● Task to complete: The required answer is the data below, restated word for word with images omitted.

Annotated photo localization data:

Start of Block

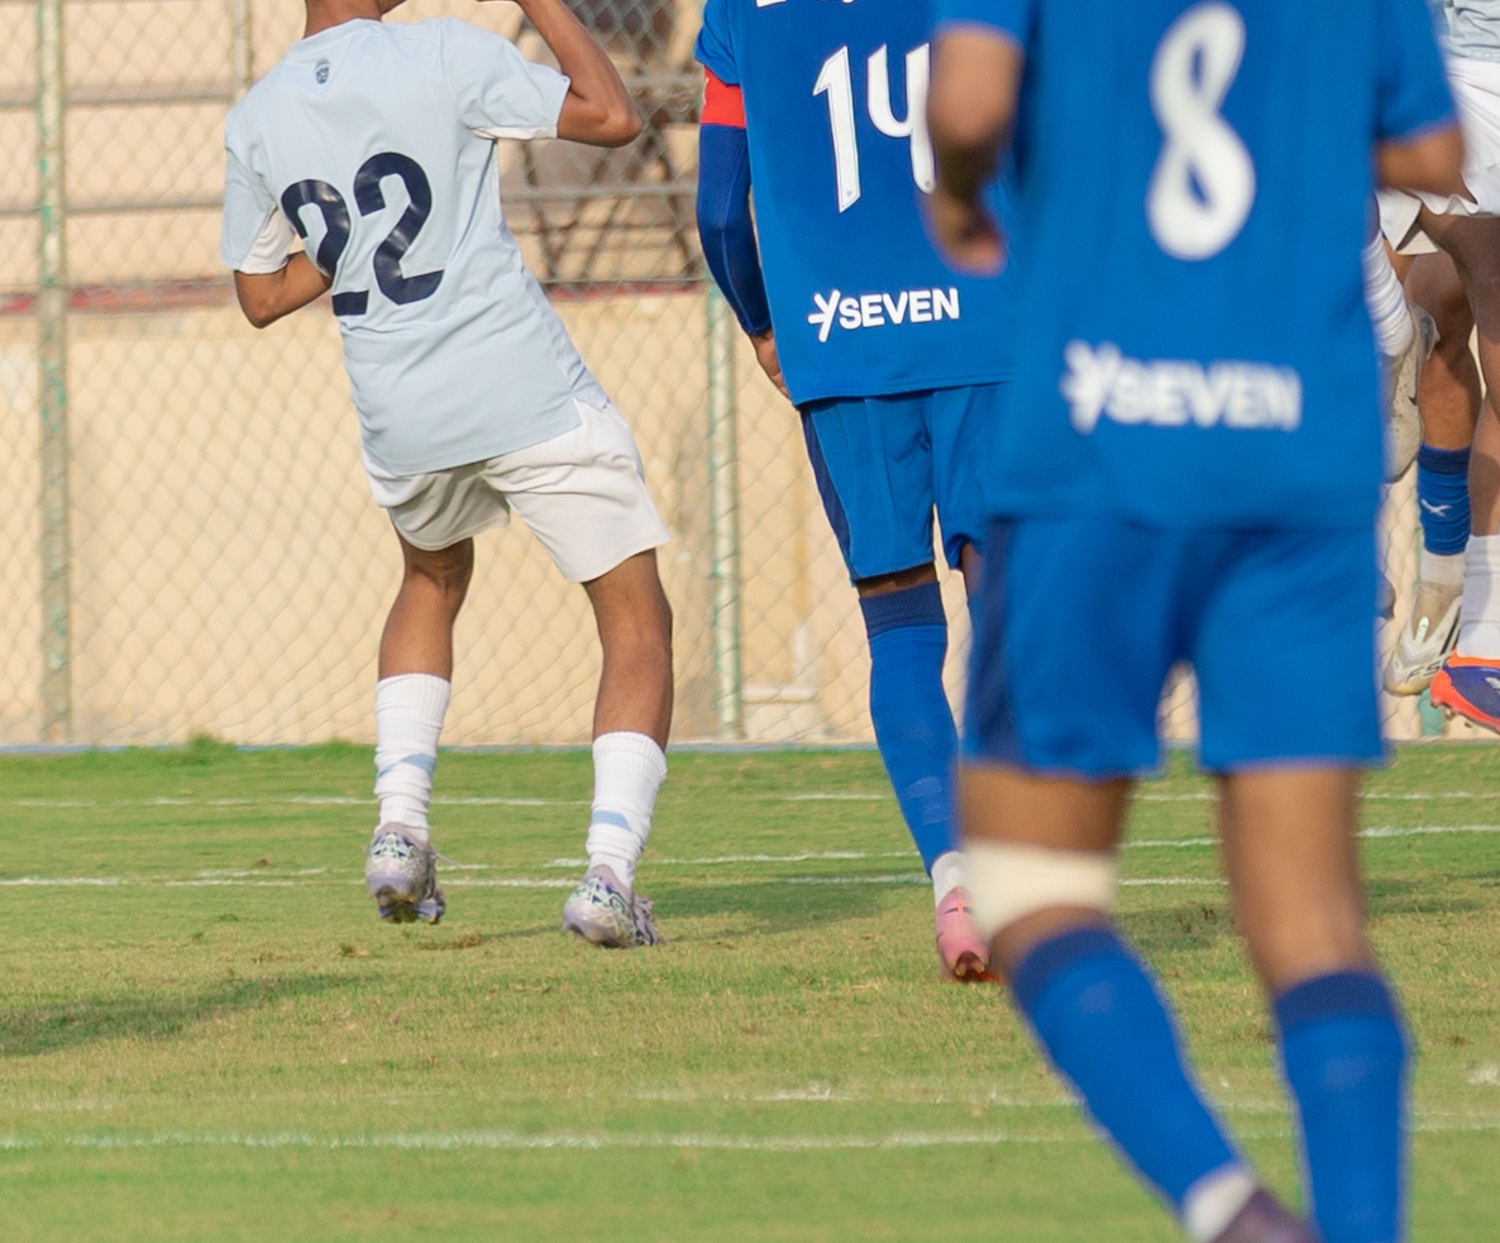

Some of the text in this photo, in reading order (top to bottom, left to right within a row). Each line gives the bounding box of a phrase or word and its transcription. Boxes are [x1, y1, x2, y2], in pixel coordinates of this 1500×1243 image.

[812, 42, 937, 214] 14
[1145, 0, 1257, 262] 8
[280, 151, 446, 317] 22
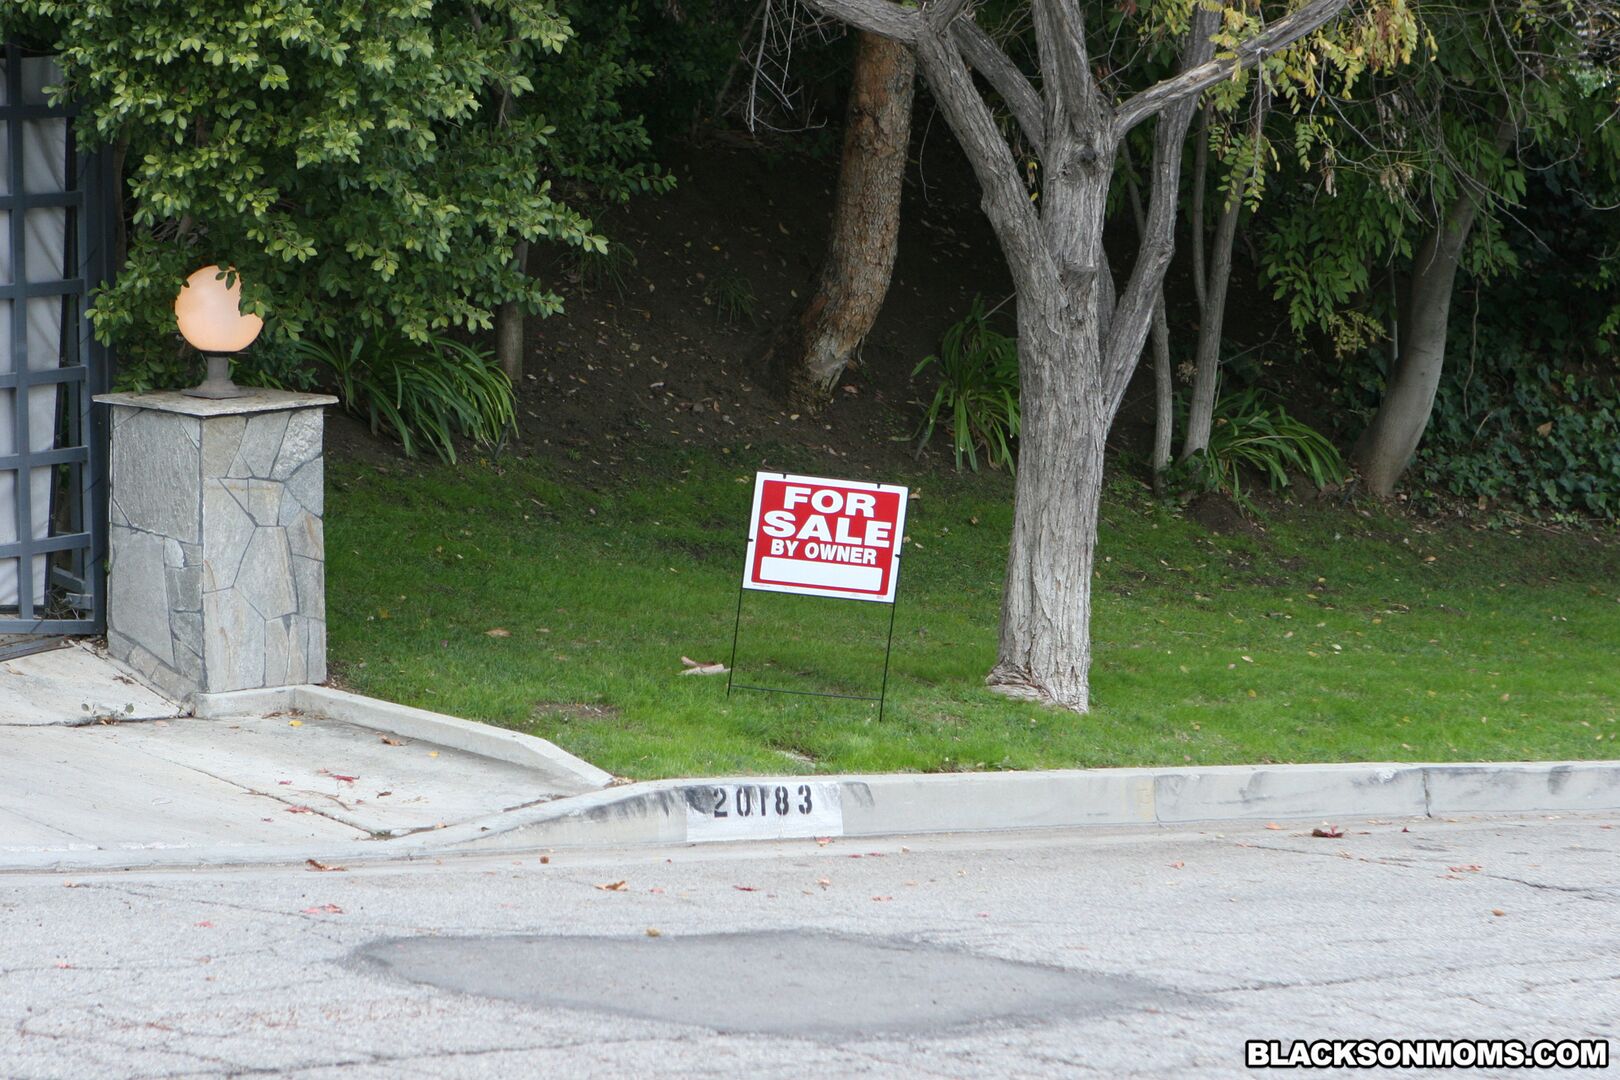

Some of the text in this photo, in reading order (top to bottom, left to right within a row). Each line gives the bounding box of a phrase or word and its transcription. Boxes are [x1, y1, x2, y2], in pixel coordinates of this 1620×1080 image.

[783, 485, 877, 518] FOR
[762, 510, 892, 548] SALE
[770, 539, 877, 565] BY OWNER
[713, 784, 813, 818] 20183
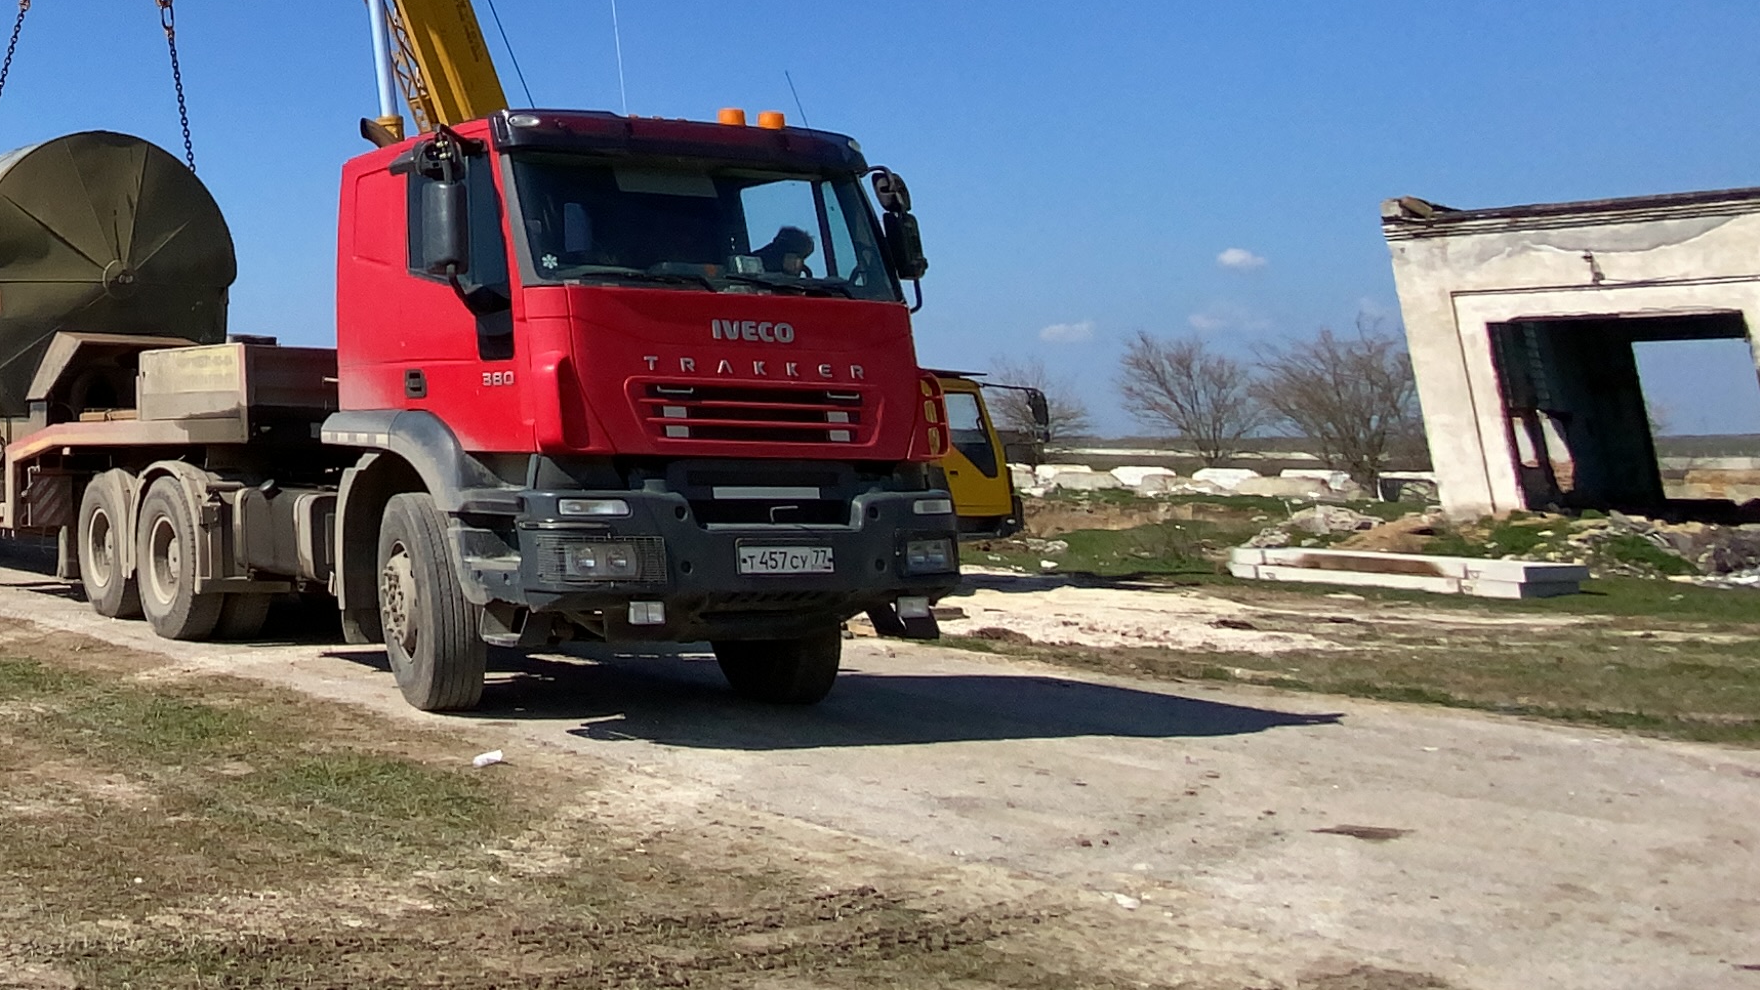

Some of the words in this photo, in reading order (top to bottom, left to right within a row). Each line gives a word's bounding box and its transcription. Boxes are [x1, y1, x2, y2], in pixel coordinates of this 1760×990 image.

End of Block

● Expected output:
Some of the text in this photo, in reading order (top to bottom, left to right within a row). Each line gives the bounding box of a phrase or word and its transcription. Boxes are [x1, y1, x2, y2], in pixel coordinates of this 1500×1243 image.

[812, 42, 937, 214] 14
[1145, 0, 1257, 262] 8
[280, 151, 446, 317] 22

Some of the text in this photo, in reading order (top to bottom, left to right within a row). Each line gives the bounding box of a phrase or word and its transcription. Boxes are [x1, y1, x2, y2], in pixel coordinates of this 1620×1080 image.

[783, 485, 877, 518] FOR
[762, 510, 892, 548] SALE
[770, 539, 877, 565] BY OWNER
[713, 784, 813, 818] 20183

Some of the words in this photo, in reading order (top to bottom, left to right within a row). Each line gives a word's bounding box and its transcription. Boxes are [x1, y1, x2, y2], in pixel coordinates of this 1760×990 image.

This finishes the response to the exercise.